E como quer que até li os Mouros eram antre si em grandes desconcertos, como atraz se disse, porém á necessidade, e perigo em que a ida do Mestre os poz, os fez logo amigos, e concordes para com iguaes corações defenderem suas pessoas e terras, pelo qual sabendo os Mouros de Farão e Tavilla, e assi os dos outros Lugares de redor, como o Mestre era fóra de Cacella, para correr, e guerrear sua terra, avisaram tambem os de Loulé para que todos no dia seguinte tivessem ao Mestre o passo, e pelejassem com elle, os quaes ao outro dia sobre este acordo se ajuntaram, e partindo foram dormir contra a serra a um logar que dizem o desbarato, e deste ajuntamento, e acordo não sendo sabedor o Mestre passou de noite mui secretamente por Loulé sem ser sentido, seguindo seu caminho direito, que vem para Tavilla, porque as suas escutas que iam de diante sentiram os Mouros naquelle lugar onde jaziam, o Mestre não quiz mais abalar, e ali de noite se deteve, e ao outro dia, como foi manhã o Mestre com sua singular, e costumada destreza de guerra ordenou suas gentes em batalhas, e guiados de sua bandeira, que levavam tendida não andaram muitos passos que logo não houveram vista dos Mouros, que jaziam em um valle escuro, os quaes vendo a pouca gente dos Christãos em comparação da muita sua que tinham, foram mui alegres, ca tiveram grande esperança de haverem victoria.
E o Mestre sem mais detença rijamente deu nelles, em que logo achou grande esforço, e mui perigosa resistencia, pelo qual antre todos se travou mui crua e bem ferida batalha, em que a victoria por grande espaço esteve em balança, mas em fim não podendo os Mouros já soffrer aos Christãos nem ás mortes, e feridas, que de suas mãos recebiam, volveram-lhe as costas, e com desacordada fogida, cada um procurou de salvar sua vida.

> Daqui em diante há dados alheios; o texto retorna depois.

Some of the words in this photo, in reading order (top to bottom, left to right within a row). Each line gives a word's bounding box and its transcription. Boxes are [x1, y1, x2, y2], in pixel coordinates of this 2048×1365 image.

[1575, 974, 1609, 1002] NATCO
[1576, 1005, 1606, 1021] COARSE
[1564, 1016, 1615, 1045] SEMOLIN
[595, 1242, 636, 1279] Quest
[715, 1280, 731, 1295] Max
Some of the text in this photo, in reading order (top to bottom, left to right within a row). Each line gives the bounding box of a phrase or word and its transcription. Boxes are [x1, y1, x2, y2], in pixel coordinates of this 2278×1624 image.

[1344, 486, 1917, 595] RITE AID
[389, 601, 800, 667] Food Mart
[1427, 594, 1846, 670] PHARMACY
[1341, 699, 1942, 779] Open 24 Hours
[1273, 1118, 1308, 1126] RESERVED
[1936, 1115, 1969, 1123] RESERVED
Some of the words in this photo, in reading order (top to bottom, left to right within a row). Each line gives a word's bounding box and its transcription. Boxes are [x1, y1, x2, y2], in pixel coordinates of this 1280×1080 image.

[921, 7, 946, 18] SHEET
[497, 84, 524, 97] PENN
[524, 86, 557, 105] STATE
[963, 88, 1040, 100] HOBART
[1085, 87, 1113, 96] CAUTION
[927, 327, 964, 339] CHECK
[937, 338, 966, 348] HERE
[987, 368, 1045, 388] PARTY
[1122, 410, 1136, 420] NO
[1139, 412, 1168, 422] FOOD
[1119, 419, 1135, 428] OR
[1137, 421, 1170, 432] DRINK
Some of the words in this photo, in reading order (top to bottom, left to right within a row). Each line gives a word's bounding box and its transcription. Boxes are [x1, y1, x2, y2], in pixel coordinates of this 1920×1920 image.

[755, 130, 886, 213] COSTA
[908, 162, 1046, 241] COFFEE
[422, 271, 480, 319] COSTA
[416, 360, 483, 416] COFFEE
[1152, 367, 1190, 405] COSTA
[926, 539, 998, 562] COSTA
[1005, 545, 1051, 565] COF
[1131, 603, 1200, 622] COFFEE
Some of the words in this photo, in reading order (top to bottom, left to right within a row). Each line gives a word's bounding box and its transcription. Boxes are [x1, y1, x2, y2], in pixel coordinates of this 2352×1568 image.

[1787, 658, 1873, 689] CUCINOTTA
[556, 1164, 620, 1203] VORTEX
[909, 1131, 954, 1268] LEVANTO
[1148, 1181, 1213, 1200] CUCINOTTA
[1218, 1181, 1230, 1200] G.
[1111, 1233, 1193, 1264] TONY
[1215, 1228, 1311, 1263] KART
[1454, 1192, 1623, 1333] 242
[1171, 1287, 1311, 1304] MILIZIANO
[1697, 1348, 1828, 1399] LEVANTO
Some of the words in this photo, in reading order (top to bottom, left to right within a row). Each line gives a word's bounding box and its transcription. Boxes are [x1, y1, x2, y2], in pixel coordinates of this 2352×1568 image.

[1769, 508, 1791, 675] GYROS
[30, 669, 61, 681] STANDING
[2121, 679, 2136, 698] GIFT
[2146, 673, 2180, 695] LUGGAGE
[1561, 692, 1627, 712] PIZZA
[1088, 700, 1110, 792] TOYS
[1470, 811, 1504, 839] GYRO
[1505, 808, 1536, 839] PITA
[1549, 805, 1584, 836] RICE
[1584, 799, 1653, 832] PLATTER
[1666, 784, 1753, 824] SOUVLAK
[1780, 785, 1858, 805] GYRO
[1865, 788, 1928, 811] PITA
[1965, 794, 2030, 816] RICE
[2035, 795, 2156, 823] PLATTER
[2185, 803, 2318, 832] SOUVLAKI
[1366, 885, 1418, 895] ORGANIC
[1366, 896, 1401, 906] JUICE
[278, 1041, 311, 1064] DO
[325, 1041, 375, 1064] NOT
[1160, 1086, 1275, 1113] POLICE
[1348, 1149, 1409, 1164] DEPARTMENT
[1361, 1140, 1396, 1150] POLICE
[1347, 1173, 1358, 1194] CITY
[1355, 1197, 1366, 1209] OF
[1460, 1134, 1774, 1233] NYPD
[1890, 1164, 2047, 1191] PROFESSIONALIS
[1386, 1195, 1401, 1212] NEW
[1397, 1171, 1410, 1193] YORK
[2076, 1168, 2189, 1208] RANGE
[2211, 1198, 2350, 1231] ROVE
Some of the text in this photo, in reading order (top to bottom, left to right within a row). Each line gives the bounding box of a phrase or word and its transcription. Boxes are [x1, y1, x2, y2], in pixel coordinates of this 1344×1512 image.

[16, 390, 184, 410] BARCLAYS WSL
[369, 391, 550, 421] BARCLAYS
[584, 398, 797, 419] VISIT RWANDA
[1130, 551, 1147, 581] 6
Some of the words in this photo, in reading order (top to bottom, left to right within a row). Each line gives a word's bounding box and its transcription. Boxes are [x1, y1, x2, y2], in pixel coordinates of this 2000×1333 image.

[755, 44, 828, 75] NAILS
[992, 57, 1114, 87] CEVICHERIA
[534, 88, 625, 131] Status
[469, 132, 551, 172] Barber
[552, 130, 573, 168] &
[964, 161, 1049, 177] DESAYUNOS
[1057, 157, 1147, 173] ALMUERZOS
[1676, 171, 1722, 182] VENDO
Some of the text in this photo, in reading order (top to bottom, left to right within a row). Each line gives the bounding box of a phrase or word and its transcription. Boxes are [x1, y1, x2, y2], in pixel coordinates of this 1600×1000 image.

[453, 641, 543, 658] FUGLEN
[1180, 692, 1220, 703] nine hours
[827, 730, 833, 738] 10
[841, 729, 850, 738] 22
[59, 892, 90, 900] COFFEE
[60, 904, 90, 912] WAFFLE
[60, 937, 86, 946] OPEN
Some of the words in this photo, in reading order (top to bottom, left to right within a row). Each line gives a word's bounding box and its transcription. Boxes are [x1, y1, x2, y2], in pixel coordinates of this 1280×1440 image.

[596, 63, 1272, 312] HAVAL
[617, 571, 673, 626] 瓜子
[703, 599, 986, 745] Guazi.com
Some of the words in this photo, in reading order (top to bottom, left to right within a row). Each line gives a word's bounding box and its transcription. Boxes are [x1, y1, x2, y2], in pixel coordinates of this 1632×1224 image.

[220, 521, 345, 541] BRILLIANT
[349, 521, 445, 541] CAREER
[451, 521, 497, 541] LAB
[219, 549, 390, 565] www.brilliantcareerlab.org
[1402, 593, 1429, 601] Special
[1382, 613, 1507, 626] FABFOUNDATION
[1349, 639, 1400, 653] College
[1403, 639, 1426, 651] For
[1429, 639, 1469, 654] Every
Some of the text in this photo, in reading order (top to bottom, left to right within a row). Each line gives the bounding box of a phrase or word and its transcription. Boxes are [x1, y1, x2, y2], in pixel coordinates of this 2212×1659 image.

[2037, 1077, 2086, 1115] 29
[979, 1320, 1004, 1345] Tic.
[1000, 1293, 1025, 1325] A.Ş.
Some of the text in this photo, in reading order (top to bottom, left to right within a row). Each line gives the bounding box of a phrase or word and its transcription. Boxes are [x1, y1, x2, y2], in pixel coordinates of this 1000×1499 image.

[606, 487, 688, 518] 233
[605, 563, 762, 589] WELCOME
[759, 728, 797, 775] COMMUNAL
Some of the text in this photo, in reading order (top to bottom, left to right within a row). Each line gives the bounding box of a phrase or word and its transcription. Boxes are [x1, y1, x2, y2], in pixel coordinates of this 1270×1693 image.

Nesta batalha foram dos Mouros muitos mortos, e feridos, e os que escaparam acolheram-se a um Lugar, que chamam o Furadoiro, que vem donde foi esta peleja caminho da fonte que ora dizem do Bispo, e porém os Christãos por a qualidade da fronta não ficaram sem sua parte de dano, mas este não acho escrito quanto seria, sómente que o Mestre e os seus pelo grande trabalho, e muito cançasso da batalha não seguiram o alcanço dos Mouros, e se recolheram.
CAPITULO VII
Do acordo que os Mouros fizeram contra o Mestre, e como houveram com elle batalha em que foram vencidos
Os Mouros de toda a terra, por este destroço, e desbarato, que houveram mostraram muito nojo, e grande tristeza, em especial os de Tavilla, porque tinham imigos tão fortes junto comsigo, os quaes naquella ora juntos em seu concelho diceram: «Estes christãos não temem, antes nos menos prezam, e não é sem rezão, porque ou por nossa muita fraqueza, ou por nossa grande dezaventura sempre somos delles vencidos, mas agora porque elles eram seguros, e despercebidos pela victoria, que hontem de nós houveram, cuidam já que não ha em nós esforço, nem acordo para nossa vingança, ajuntemo-nos outra vez, e sem medo os vamos commetter e sem duvida nós os desbarataremos, e com sua perda os lançaremos da terra, que é nossa».